Issue - The program issues error as below :

Exception in thread "main" java.io.IOException: Server returned HTTP response code: 403 for URL: https://www.nseindia.com/content/historical/EQUITIES/2015/FEB/cm25FEB2015bhav.csv.zip
at sun.net.www.protocol.http.HttpURLConnection.getInputStream0(HttpURLConnection.java:1840)
at sun.net.www.protocol.http.HttpURLConnection.getInputStream(HttpURLConnection.java:1441)
at sun.net.www.protocol.https.HttpsURLConnectionImpl.getInputStream(HttpsURLConnectionImpl.java:254)
at java.net.URL.openStream(URL.java:1045)
at org.apache.commons.io.FileUtils.copyURLToFile(FileUtils.java:1460)
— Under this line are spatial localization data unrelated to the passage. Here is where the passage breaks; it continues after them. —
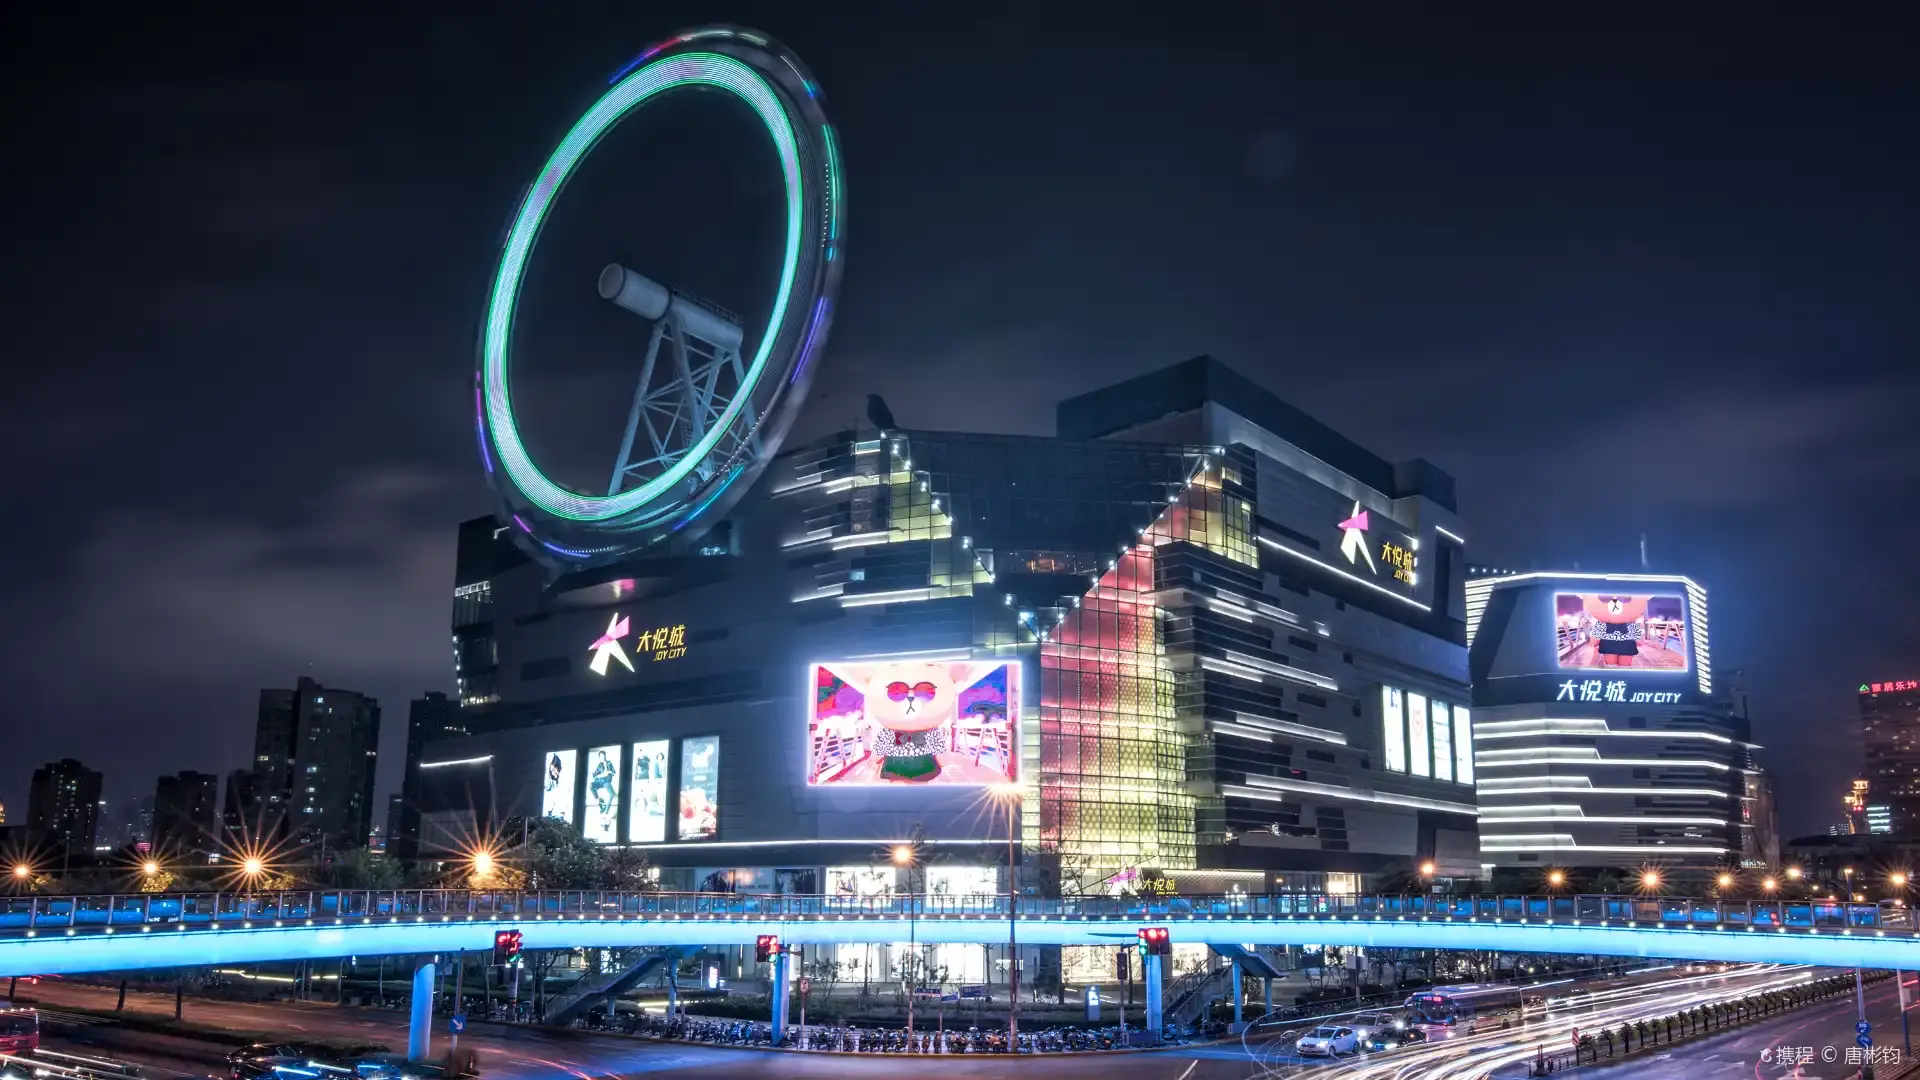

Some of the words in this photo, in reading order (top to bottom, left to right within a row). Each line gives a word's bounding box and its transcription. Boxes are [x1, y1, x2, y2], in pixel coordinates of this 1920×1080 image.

[1381, 541, 1413, 573] 大悦城
[1393, 569, 1403, 581] JOY
[636, 624, 686, 653] 大悦城
[652, 649, 668, 662] JOY
[668, 647, 688, 660] CITY
[1556, 679, 1627, 702] 大悦城
[1629, 692, 1653, 703] JOY
[1653, 692, 1682, 703] CITY
The download works fine if I follow below manual steps:

  1. Open browser with link - weblink
  2. Select Bhavcopy from Select Report drop down field
  3. Specify date as 25-02-2015 Click on the file - cm25FEB2015bhav.csv.zip

But if I paste the file path - link directly in the browser, it gives 403 error.

I believe since the download does not work from the browser directly through the link, even my prog is unable to download the same. I tried the suggestions mentioned in the threads - Thread1, Thread2, Thread3 but did not help.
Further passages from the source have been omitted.